O Ministério da Saúde divulgou nesta terça-feira (03) uma lista de 312 cidades brasileiras que estão com a cobertura de vacinação de poliomielite em crianças menores de um ano abaixo de 50%, sendo que a meta deve ser 95%. Pelo menos oito cidades catarinenses estão na lista, entre elas a Capital (confira a lista). A doença que causa paralisia infantil está erradicada desde a década de 1990 no Brasil, mas o Ministério se preocupa com a possível reintrodução da doença no País.

O alerta surgiu após o surto de sarampo, outra doença erradicada desde 2015, no Amazonas e Roraima, no Norte do País. A doença pode ter sido trazida de fora, uma vez que o surto também atingiu a Europa. Há casos registrados no Rio de Janeiro e no Rio Grande do Sul.

"O risco existe para todos os municípios que estão com coberturas abaixo de 95%. Temos que ter em mente que a vacinação é a única forma de prevenção da Poliomielite e de outras doenças que não circulam mais no país. Todas as crianças menores de cinco anos de idade devem ser vacinadas, conforme esquema de vacinação de rotina e na campanha nacional anual. É uma questão de responsabilidade social”, disse a coordenadora do Programa Nacional de Imunizações do Ministério da Saúde (PNI), Carla Domingues.

O Ministério da Saúde já havia disparado alerta para pessoas que pretendem viajar a países considerados de risco e endêmicos para a poliomielite. Agora, reforça o sobreaviso para que tanto as crianças quanto os adultos não vacinados procurem um posto de saúde.

Confira as cidades de SC com baixa cobertura de vacinação

  • Florianópolis: 40,98% de cobertura
  • Palhoça, na Grande Florianópolis: 28,80% de cobertura
  • Anitápolis, na Grande Florianópolis: 39,29% de cobertura
  • Major Gercino, na Grande Florianópolis: 47,22% de cobertura
  • Pedras Grandes, na região Sul: 33,33% de cobertura
  • Pomerode, no Vale do Itajaí: 38,62% de cobertura
  • Cunhataí, no Oeste: 45% de cobertura
  • Palmeira, na Serra: 46,88 de cobertura

Florianópolis contrapõe números do Ministério da Saúde

De acordo com a Vigilância Epidemiológica de Florianópolis, a porcentagem divulgada pelo Ministério da Saúde da Capital não corresponde à realidade. Segundo a gerente Ana Cristina Vidor, existe um problema na migração dos dados entre o MS e a Vigilância Municipal. O mesmo problema já havia sido relatado pela Secretaria Estadual de Saúde em relação ao site que disponibiliza as filas do Sistema Único de Saúde.

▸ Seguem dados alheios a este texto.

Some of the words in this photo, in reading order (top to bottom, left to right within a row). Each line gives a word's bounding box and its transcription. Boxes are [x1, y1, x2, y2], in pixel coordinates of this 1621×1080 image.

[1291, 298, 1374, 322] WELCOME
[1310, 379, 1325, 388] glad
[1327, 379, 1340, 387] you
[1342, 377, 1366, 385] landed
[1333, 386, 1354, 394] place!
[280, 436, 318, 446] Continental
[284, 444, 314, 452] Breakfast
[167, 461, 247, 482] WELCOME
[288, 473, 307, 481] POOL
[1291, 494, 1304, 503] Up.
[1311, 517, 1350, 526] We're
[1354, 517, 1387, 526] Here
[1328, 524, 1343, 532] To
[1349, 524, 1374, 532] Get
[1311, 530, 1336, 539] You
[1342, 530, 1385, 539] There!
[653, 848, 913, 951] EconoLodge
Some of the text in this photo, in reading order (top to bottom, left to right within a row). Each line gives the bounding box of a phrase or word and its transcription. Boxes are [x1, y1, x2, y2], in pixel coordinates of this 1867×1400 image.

Conforme Ana Cristina, a cobertura de vacinação de pólio em crianças menores de um ano foi de 77,7%, em 2017, na Capital. Apesar de não estar tão baixa quanto o dado divulgado pelo órgão federal, a gerente mantém o alerta de preocupação, principalmente para o Leste e Sul da Ilha (leia mais aqui).

Países considerados de risco

Confira os países que são considerados de risco ou endêmicos para poliomielite de acordo com o Ministério da Saúde. Vale destacar que essa relação pode ter atualização constante: Afeganistão, Nigéria, Paquistão, Camarões, República Centro-Africana, Chade, Guiné Equatorial, Etiópia, Guiné, Iraque, Quênia, República Democrática Popular do Laos, Libéria, Madagascar, Myanmar, Níger, Serra Leoa, Somália, Sudão do Sul, Ucrânia, Síria e República Democrática do Congo.

Sintomas e tratamento da pólio

Conforme o Ministério da Saúde, a poliomielite ou “paralisia infantil” é uma doença infecto-contagiosa viral aguda, caracterizada por um quadro de paralisia flácida, de início súbito. O déficit motor instala-se subitamente e sua evolução, freqüentemente, não ultrapassa três dias.

Acomete em geral membros inferiores, tendo como principal característica a flacidez muscular, com sensibilidade conservada e arreflexia no segmento atingido.

Transmissão

  • Contato direto pessoa a pessoa;
  • Pela via fecal-oral;
  • Por objetos;
  • Alimentos e água contaminados com fezes de doentes ou portadores;
  • Gotículas de secreções da orofaringe (ao falar, tossir ou espirrar);
  • Falta de saneamento, más condições habitacionais e de higiene são fatores que favorecem a transmissão.

Tratamento

Não existe tratamento específico, todas as vítimas de contágio devem ser hospitalizadas, fazendo tratamento de suporte.

Prevenção

A vacinação é a única forma de prevenção da Poliomielite. Todas as crianças menores de cinco anos de idade devem ser vacinadas conforme esquema de vacinação de rotina e na campanha nacional anual. Confira o esquema de proteção no Calendário Nacional de Vacinação.